Indirect Prompt Exfiltration via Artifacts / Journal / URL Content #

Untrusted content embedded in retrieved files, prior turn history, or fetched URLs attempts to smuggle instructions that coerce the agent into leaking sensitive context or bypassing expected behavior.

KDCube response End-to-end provenance tracking limits the impact of manipulated content. Source rows are normalized into a per-conversation source pool with stable source IDs (SIDs); citation tokens in generated text resolve to those SIDs; and produced artifacts record sources_used. Reviewers can reconstruct exactly which inputs influenced a response, and injected content that does not map to a trusted source is traceable as such.

For internal orchestration agents (non-user-facing), journal content from tool results and URL-fetched content is treated as untrusted data, not as trusted instructions. The agent is designed to process and report on potentially adversarial content without acting on embedded directives.

For direct user-facing agents, the system prompt explicitly instructs refusal to disclose confidential system instructions regardless of injection attempts.
✅ Available
Threat 3

Tool Misuse #

LLM-generated code or an agent tool call attempts to reach external systems or perform side effects outside the intended execution boundary — bypassing the isolation layer that separates untrusted code from networked tool access.

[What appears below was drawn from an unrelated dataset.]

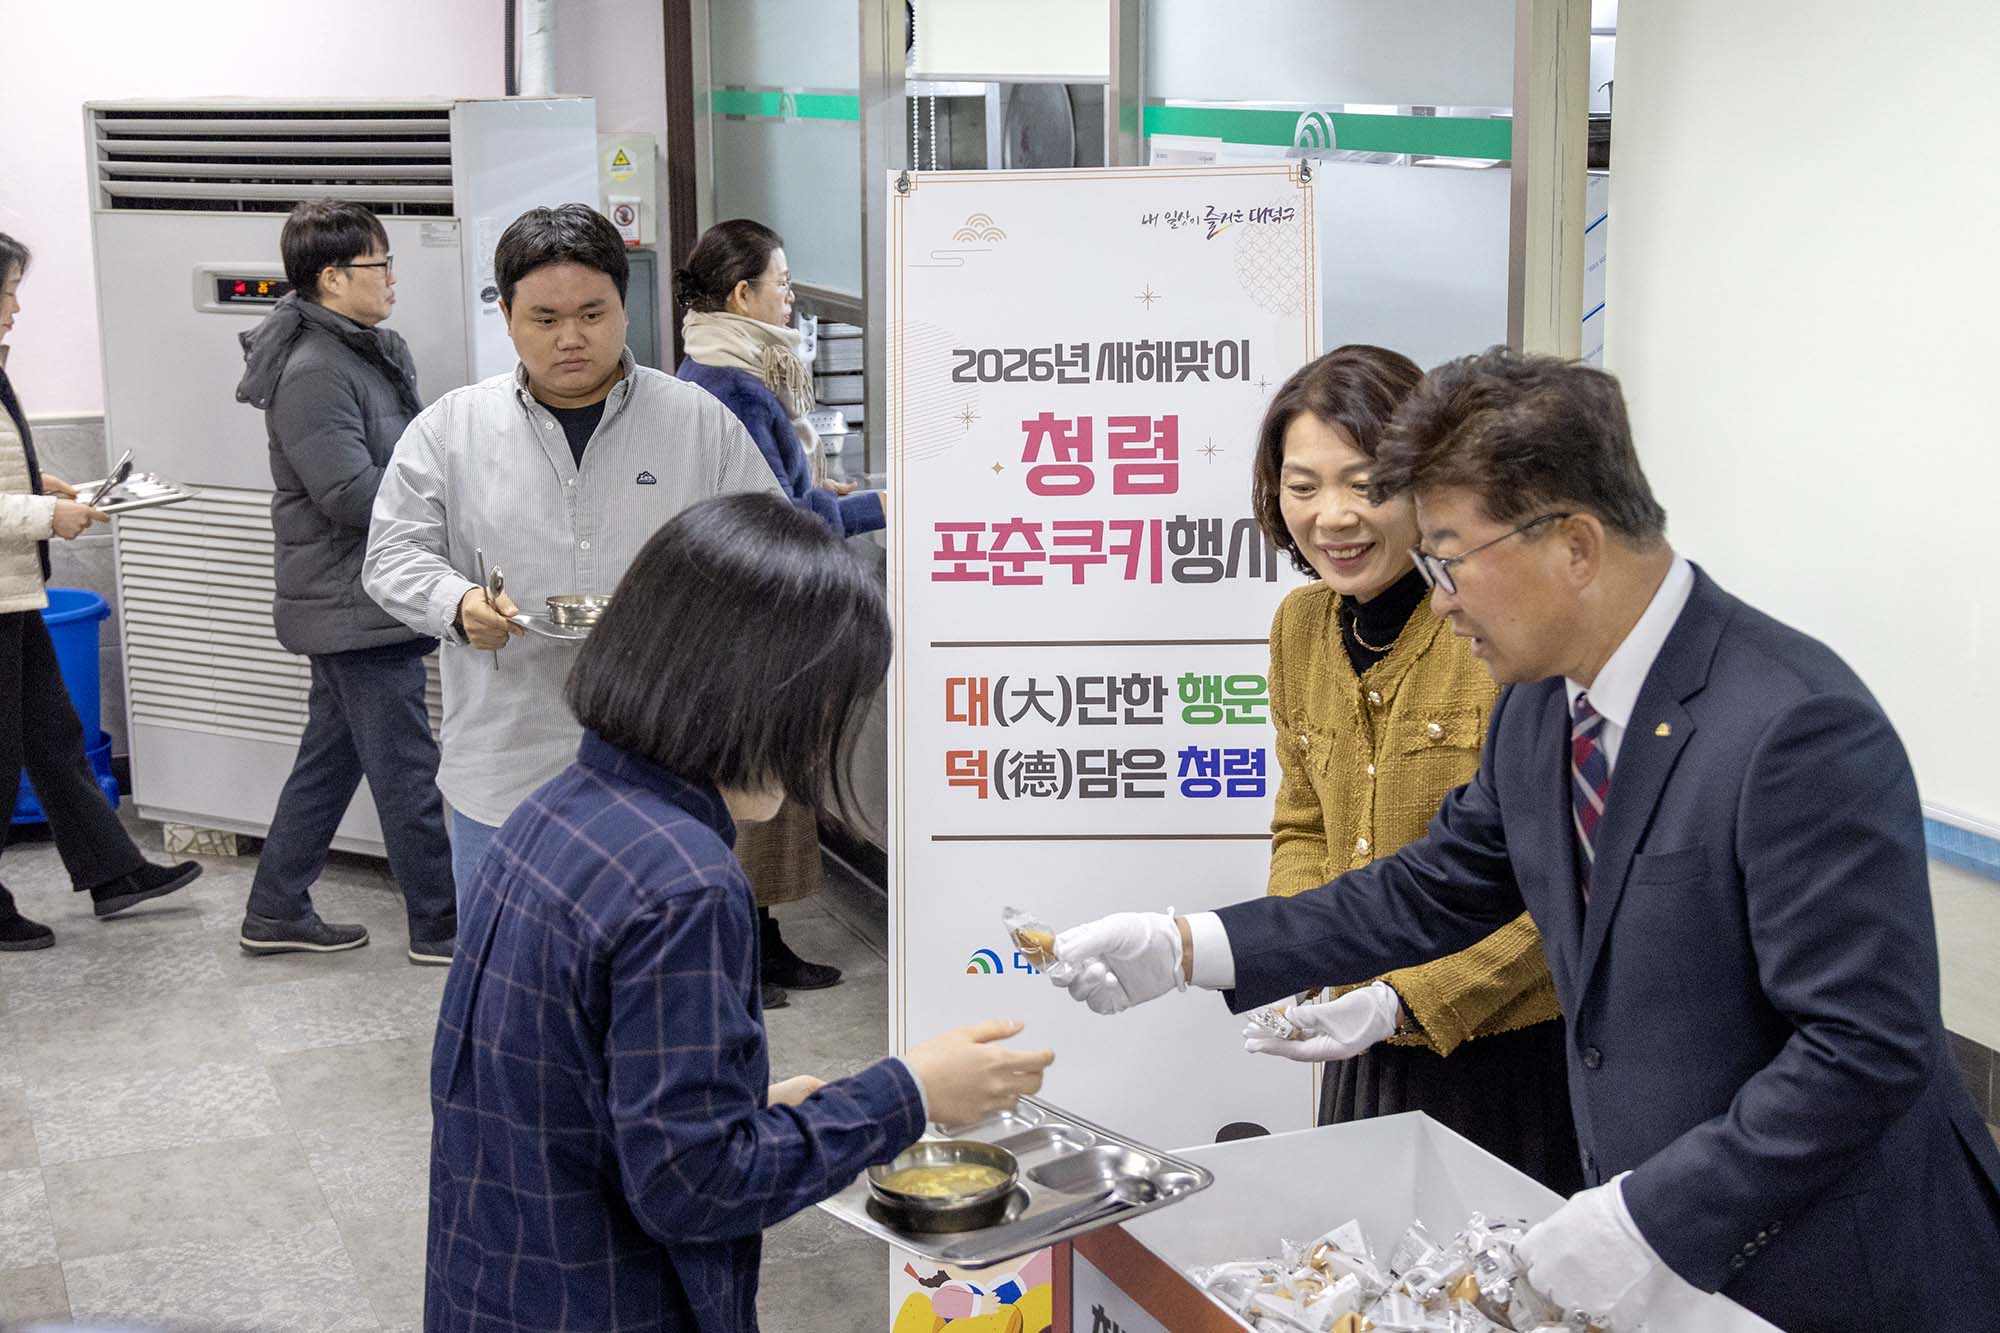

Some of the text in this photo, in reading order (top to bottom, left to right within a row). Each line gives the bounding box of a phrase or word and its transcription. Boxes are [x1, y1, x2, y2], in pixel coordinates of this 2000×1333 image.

KDCube response In Docker ISO mode, the executor subprocess runs with its network namespace unshared — it has no direct external network access. All tool calls are mediated through the supervisor process over a Unix socket: the executor delegates via ToolStub, the supervisor resolves the callable from its alias map and executes it with full network access. The executor runs as a dropped-privilege user (UID 1001) with a read-only root filesystem and no secret environment passthrough. Budget caps block excessive spend before enqueue; tenant boundary validation blocks cross-scope queries at the gateway layer.
✅ Available
Threat 4

Cross-Tenant Data Leakage #

In a multi-tenant deployment, an agent serving Tenant A accidentally — or through manipulation — accesses data belonging to Tenant B.

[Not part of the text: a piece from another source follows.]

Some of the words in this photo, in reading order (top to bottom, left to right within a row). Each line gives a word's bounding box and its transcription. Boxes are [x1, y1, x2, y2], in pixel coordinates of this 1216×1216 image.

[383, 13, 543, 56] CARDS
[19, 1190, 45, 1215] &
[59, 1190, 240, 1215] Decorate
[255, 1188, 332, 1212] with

KDCube response KDCube implements defense-in-depth multi-tenant isolation across five layers. Layer 1 (Gateway): every request resolves to a (tenant, project, user) tuple; cross-tenant routing is blocked at admission. Layer 2 (Runtime): execution context propagates tenant ID through the entire stack. Layer 3 (Database): schema-level isolation with tenant-scoped queries on every read/write. Layer 4 (File Storage): path-based segregation under tenants/{tenant_id}/projects/. Layer 5 (Cache & Queue): Redis keys and queue names namespaced per tenant/project.
✅ Available
Threat 5

Runaway Spend #

An agent enters a loop, receives an unusually expensive prompt, or is exploited to consume large volumes of LLM tokens, driving up costs without bound.

KDCube response Runaway spend is constrained at the admission layer: budget is reserved before enqueue and committed after execution, releasing unused reservation to prevent concurrent TOCTOU overspend. Per-user, per-project, and per-org budget caps stop execution when the limit is reached. Rate limiting via Redis token bucket at enqueue time prevents request floods from bypassing the budget gate.
✅ Available
Threat 6

Workflow Skipping #

An agent completes a multi-step workflow but skips a required approval, notification, or compliance checkpoint — either through flawed reasoning or deliberate manipulation.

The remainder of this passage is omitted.